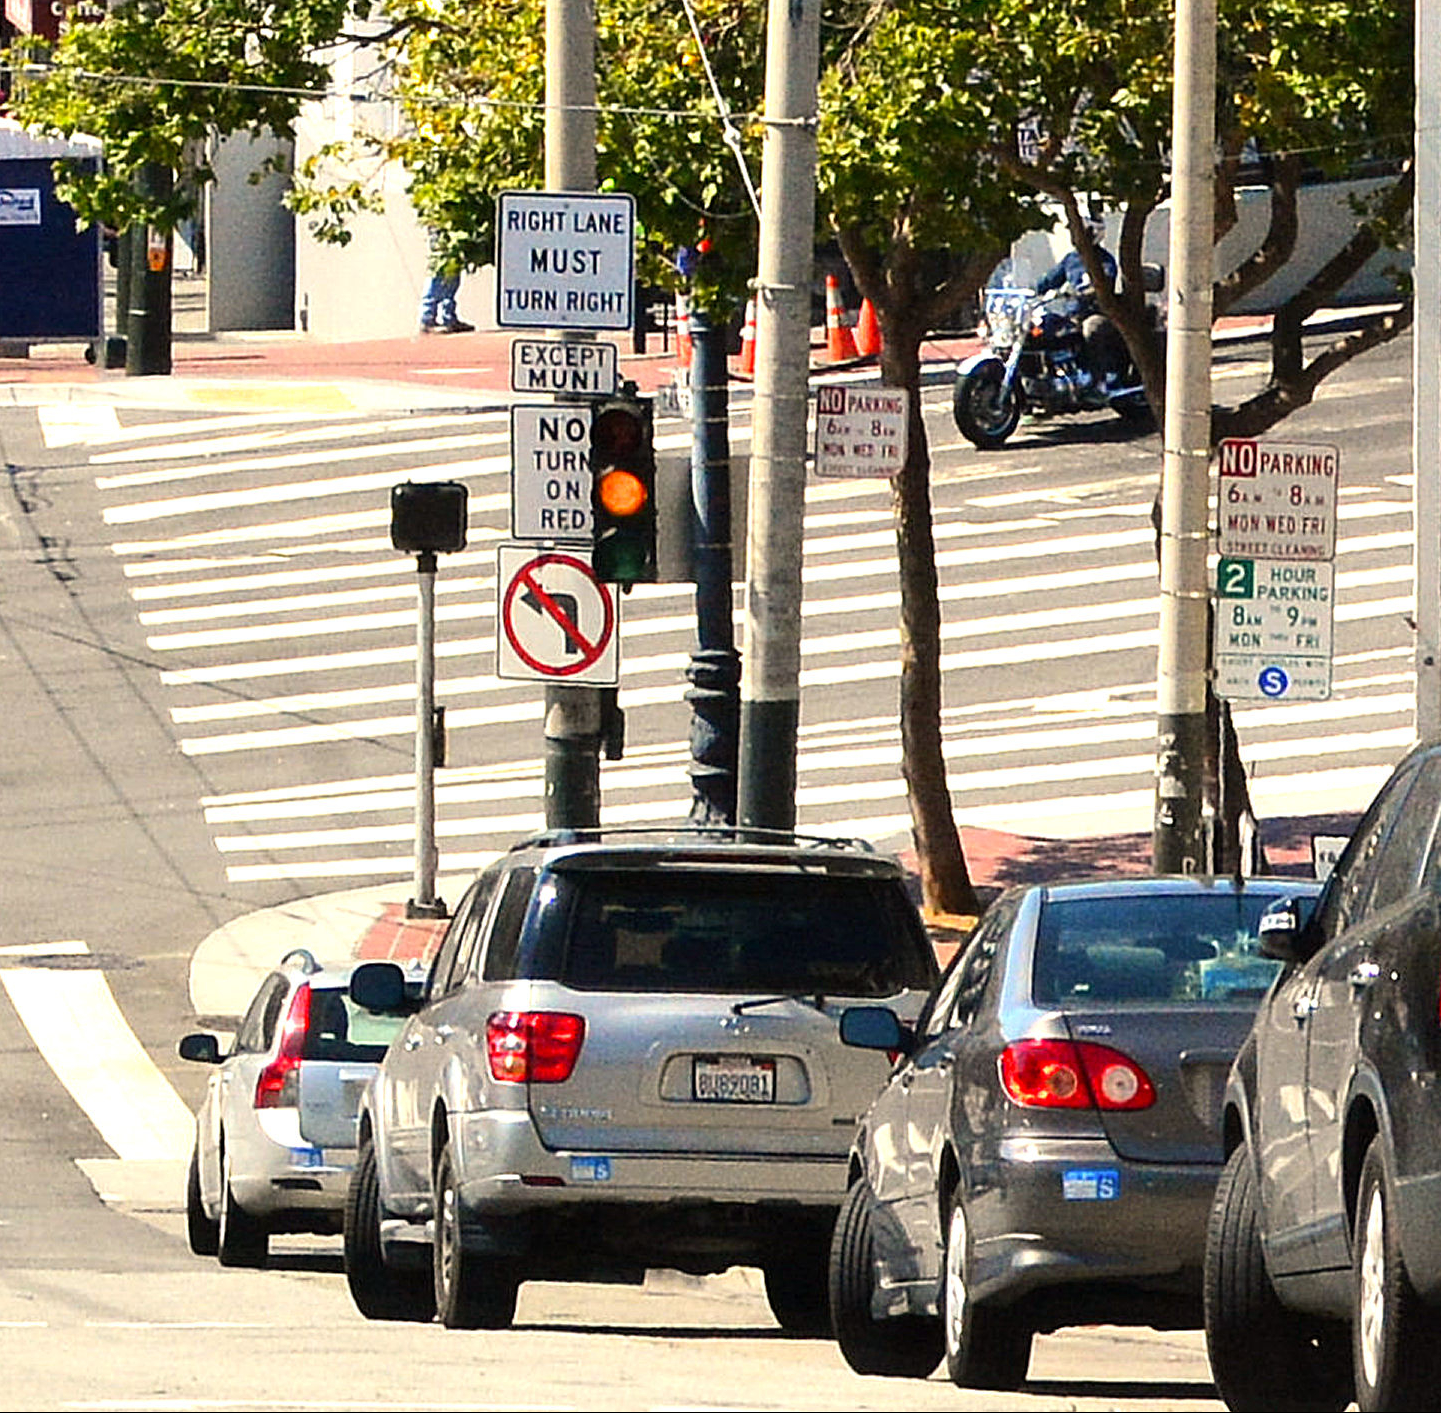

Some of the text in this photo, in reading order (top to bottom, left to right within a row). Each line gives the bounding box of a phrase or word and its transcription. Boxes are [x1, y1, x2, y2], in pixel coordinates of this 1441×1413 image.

[507, 210, 626, 235] RIGHT LANE
[530, 248, 603, 276] MUST
[504, 288, 626, 314] TURN RIGHT
[520, 345, 607, 368] EXCEPT
[528, 368, 601, 391] MUNI
[819, 387, 904, 414] NO PARKING
[538, 417, 586, 443] NO
[533, 450, 591, 472] TURN
[1222, 444, 1335, 477] NO PARKING
[546, 479, 580, 501] ON
[541, 508, 587, 530] RED
[1227, 515, 1325, 535] MON WED FRI
[1227, 541, 1269, 554] STREET
[1225, 562, 1316, 593] 2 HOUR
[1256, 584, 1329, 602] PARKING
[1229, 633, 1262, 648] MON
[1296, 634, 1320, 649] FRI
[1264, 671, 1282, 694] S

-=-=-

▸ Task to complete: Return all the material exactly, skipping pictures.

▸ Answer below:
Some of the text in this photo, in reading order (top to bottom, left to right within a row). Each line gives the bounding box of a phrase or word and its transcription. Boxes are [x1, y1, x2, y2], in pixel coordinates of this 1441×1413 image.

[507, 210, 626, 235] RIGHT LANE
[530, 248, 603, 276] MUST
[504, 288, 626, 314] TURN RIGHT
[520, 345, 607, 368] EXCEPT
[528, 368, 601, 391] MUNI
[819, 387, 904, 414] NO PARKING
[538, 417, 586, 443] NO
[533, 450, 591, 472] TURN
[1222, 444, 1335, 477] NO PARKING
[546, 479, 580, 501] ON
[541, 508, 587, 530] RED
[1227, 515, 1325, 535] MON WED FRI
[1227, 541, 1269, 554] STREET
[1225, 562, 1316, 593] 2 HOUR
[1256, 584, 1329, 602] PARKING
[1229, 633, 1262, 648] MON
[1296, 634, 1320, 649] FRI
[1264, 671, 1282, 694] S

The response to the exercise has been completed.